Much Ado About Sampling

17 May 2022

Periodically, I think it’s important to revisit the fundamentals. Even if you’ve seen a concept a million times, sometimes, seeing it for the million-and-oneth time helps concepts “click” more, especially so if you see a new formulation, or a twist on the original explanation. Recently, I found myself wading (again) through piles of books and literature on the various sampling techniques that have been developed over the last few years (ReSTIR, GRIS) and thought it would be a fun exercise for me to do a summary post on the topic of Monte Carlo integration and sampling techniques in rendering. I’m going to start from the beginning(-ish), but assume you’ve seen a fair bit of this already (aka the early parts of this post should be review). For that haven’t seen any of these concepts yet, check out the recommended reading and references sections all the way at the bottom. Also, note that this is one of the blog posts written somewhat selfishly, intended for myself to refer back to as needed. It might be useful for you also, but it might not also!

Monte Carlo Integration

Ok, let’s recap the problem statement. We have the following fancy equation we want to solve:

\[L(x\rightarrow \Theta) = L_e(x\rightarrow \Theta) + \int_A f_r(x, \Psi \rightarrow \Theta) L(y\rightarrow -\Psi)V(x, y)\frac{\cos(N_x, \Psi)\cos(N_y, -\Psi)}{r_{xy}^2}dA_y\]

This is the area formulation of the rendering equation, with the LHS being the radiance emitted from the area at $x$ in the direction $\Theta$. On the RHS, the equation accounts for $L_e(x\rightarrow\Theta)$ (the radiance emitted from $x$ towards $\Theta$), and the irradiance at $x$ (which occupies some finite area $A$). The factors in the integral include the BRDF (fraction of light that flows from $\Psi$ to $\Theta$), the light incoming from the direction $-\Psi$ from $y$, a binary visibility term $V(x, y)$, and a few geometric factors to account for the differential solid angle.

Note that this function is recursive in nature because the function for radiance $L$ appears in both the LHS and the RHS (in other words, the rendering equation is a Fredholm equation of the second kind).

As graphics engineers, we need a strategy to solve this integral numerically, and there’s a wide spectrum of techniques to do so with varying degrees of speed and accuracy. For now though, let’s remind ourselves why we bother with Monte Carlo at all.

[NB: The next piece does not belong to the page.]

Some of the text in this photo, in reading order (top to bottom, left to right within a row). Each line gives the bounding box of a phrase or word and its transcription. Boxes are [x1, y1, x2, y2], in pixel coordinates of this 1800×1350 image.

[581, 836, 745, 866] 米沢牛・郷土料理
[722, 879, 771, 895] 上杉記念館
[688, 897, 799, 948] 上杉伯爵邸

If I gave you an equation like $f(x) = x^2$ and asked you to integrate it numerically over a domain of say $[0, 1]$, what would you do? Chances are, you’d probably partition the domain and use Riemann integration. Maybe to converge more accurately, you’d sum trapezoidal areas instead of rectangles, or leverage Gaussian quadrature. These approaches all work for this toy example, but requires that we know how to partition our domain. If I asked you to change the sample rate to 100 samples, or 1000, then each slice of the domain shrinks accordingly to 1/100 or 1/1000 in this case.

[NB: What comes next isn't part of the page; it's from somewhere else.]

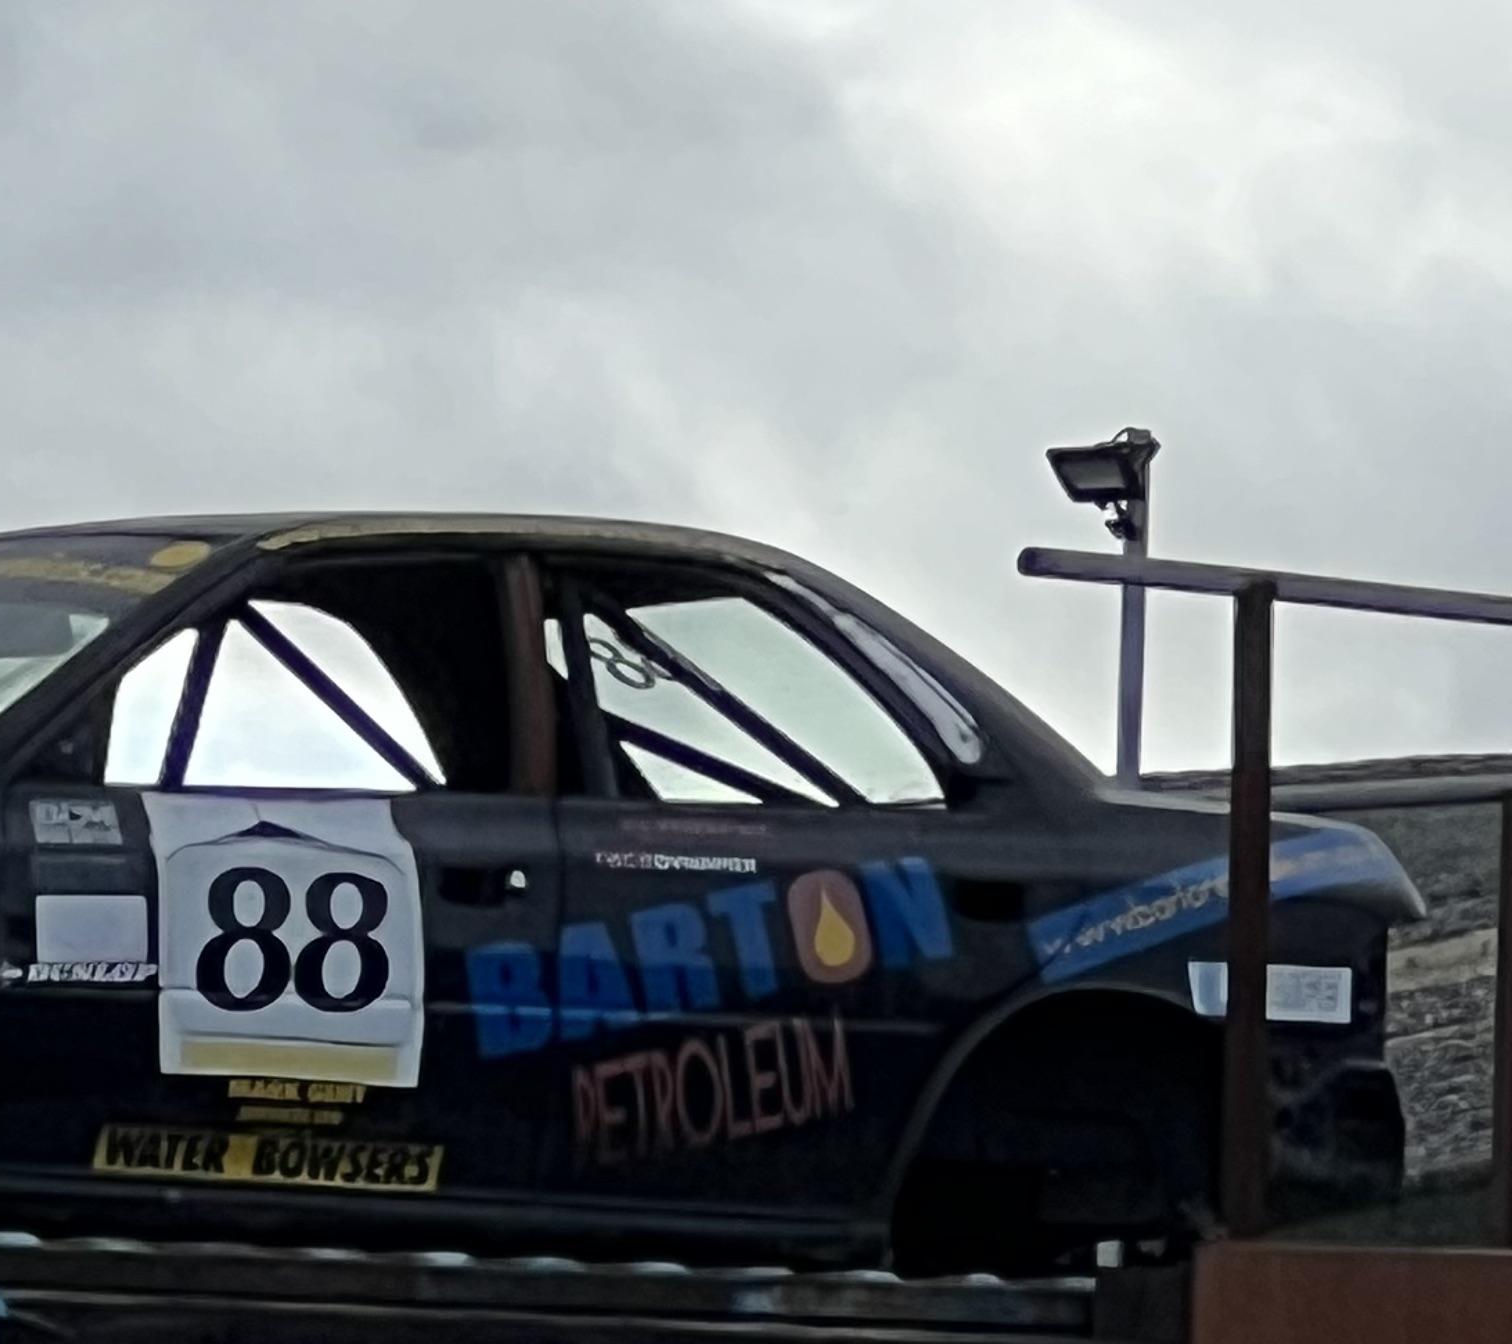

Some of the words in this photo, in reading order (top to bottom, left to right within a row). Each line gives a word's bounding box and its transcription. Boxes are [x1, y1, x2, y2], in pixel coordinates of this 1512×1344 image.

How would you partition the rendering equation above though? Because of its recursive nature, the rendering equation has a domain which is effectively infinite in dimensionality. We can pick a countable number of bounces, and for each bounce count, identify an infinite number of light paths that have that length. Evaluating high dimensional integrals using the “obvious” techniques is tricky precisely because each dimension needs to be partitioned, and for our rendering equation, it feels like we’d need an infinite number of samples to even get started.

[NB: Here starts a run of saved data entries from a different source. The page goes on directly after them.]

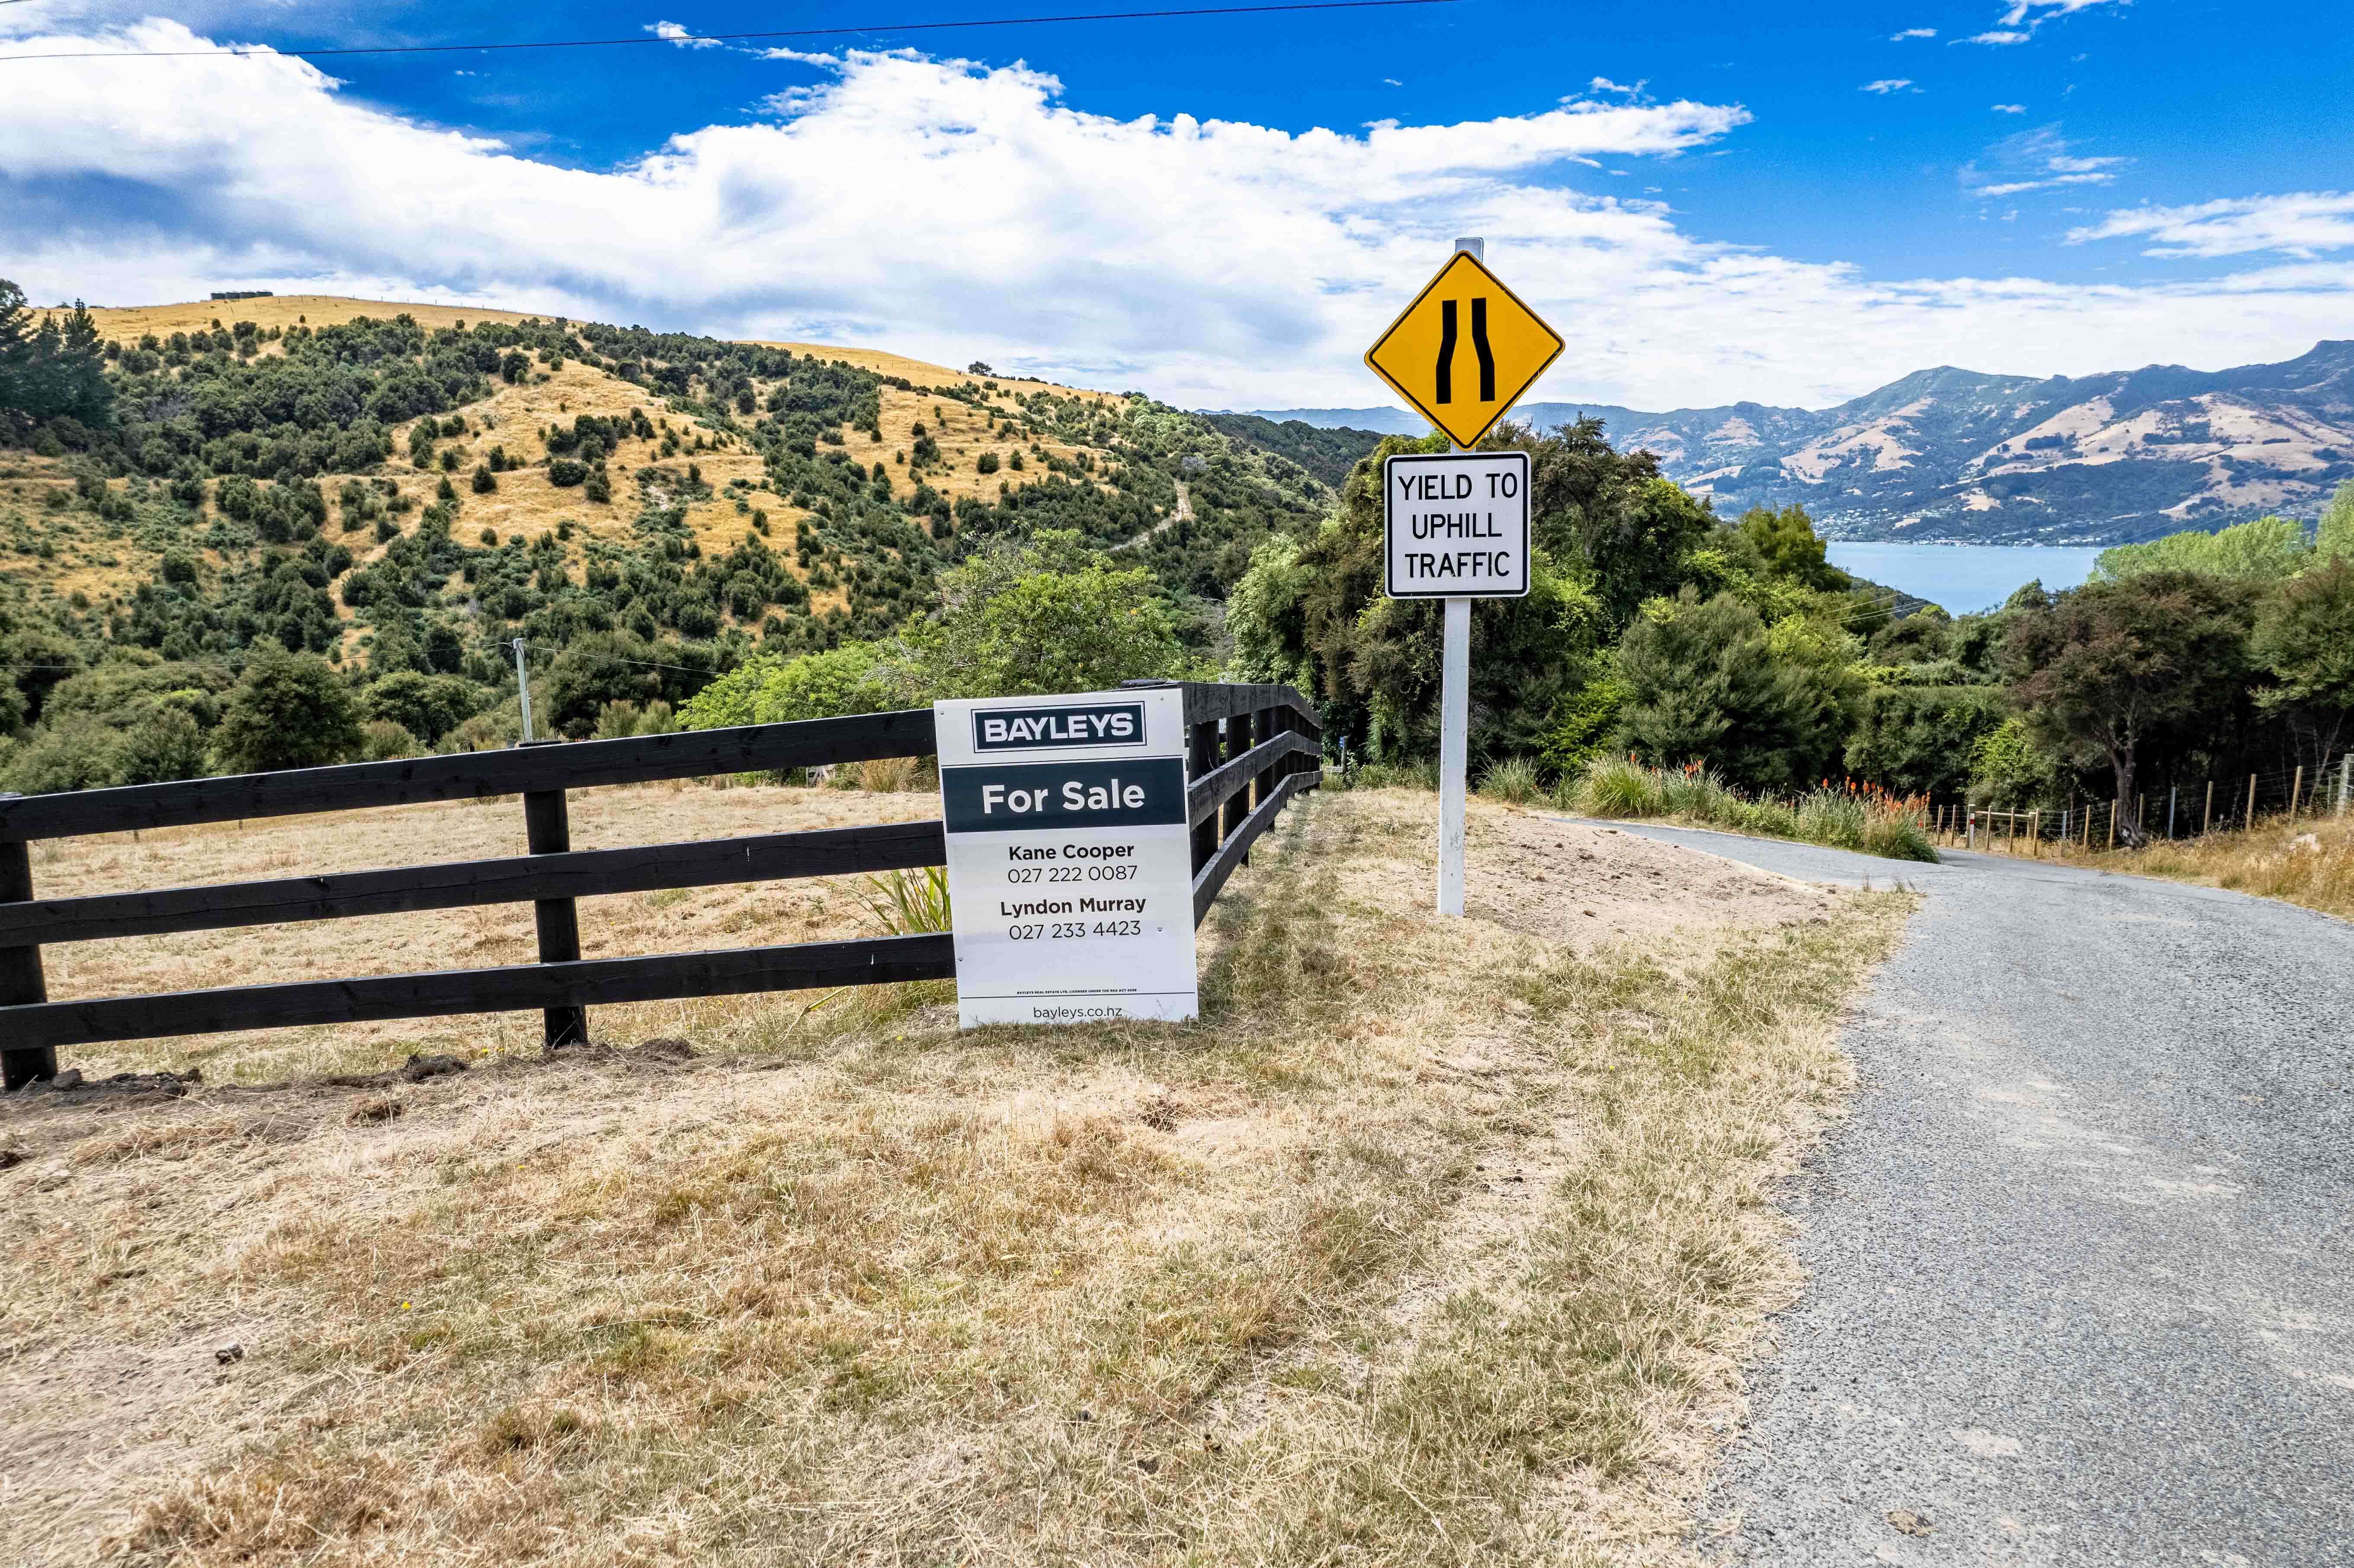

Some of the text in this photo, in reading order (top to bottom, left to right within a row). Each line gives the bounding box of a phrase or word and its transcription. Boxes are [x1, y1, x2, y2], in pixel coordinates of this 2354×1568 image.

[1398, 472, 1518, 501] YIELD TO
[1412, 513, 1502, 539] UPHILL
[1405, 551, 1511, 578] TRAFFIC
[984, 712, 1134, 743] BAYLEYS
[982, 778, 1145, 814] For Sale
[1009, 844, 1135, 860] Kane Cooper
[1008, 865, 1138, 883] 027 222 0087
[1001, 898, 1146, 918] Lyndon Murray
[1009, 920, 1141, 940] 027 233 4423

And so, we get to the first character in our story: Monte Carlo integration. The main idea of Monte Carlo integration is that given some integral $\int_\Omega f(\omega)d\omega$, we approximate it by drawing samples randomly from the distribution (instead of picking samples uniformly as in our toy $x^2$ example). Supposing we draw samples according to a some random distribution $p(\omega)$:

\[\int_\Omega f(\omega)d\omega \approx \frac{1}{N}\sum_{i=1}^N \frac{f(\omega_i)}{p(\omega_i)}\]

The RHS is referred to as the Monte Carlo estimator. This approximation follows by taking the expected value of the RHS and showing that it equals the LHS.

\[\begin{aligned} E\left[\frac{1}{N}\sum_{i=1}^N \frac{f(\omega_i)}{p(\omega_i)} \right] &= \frac{1}{N} \sum_{i=1}^N E\left[\frac{f(\omega_i)}{p(\omega_i)}\right] \\ &= \frac{1}{N} \sum_{i=1}^N \int_\Omega \frac{f(\omega)}{p(\omega)}p(\omega)d\omega \\ &= \frac{N}{N} \int_\Omega f(\omega)d\omega \\ &= \int_\Omega f(\omega)d\omega \end{aligned}\]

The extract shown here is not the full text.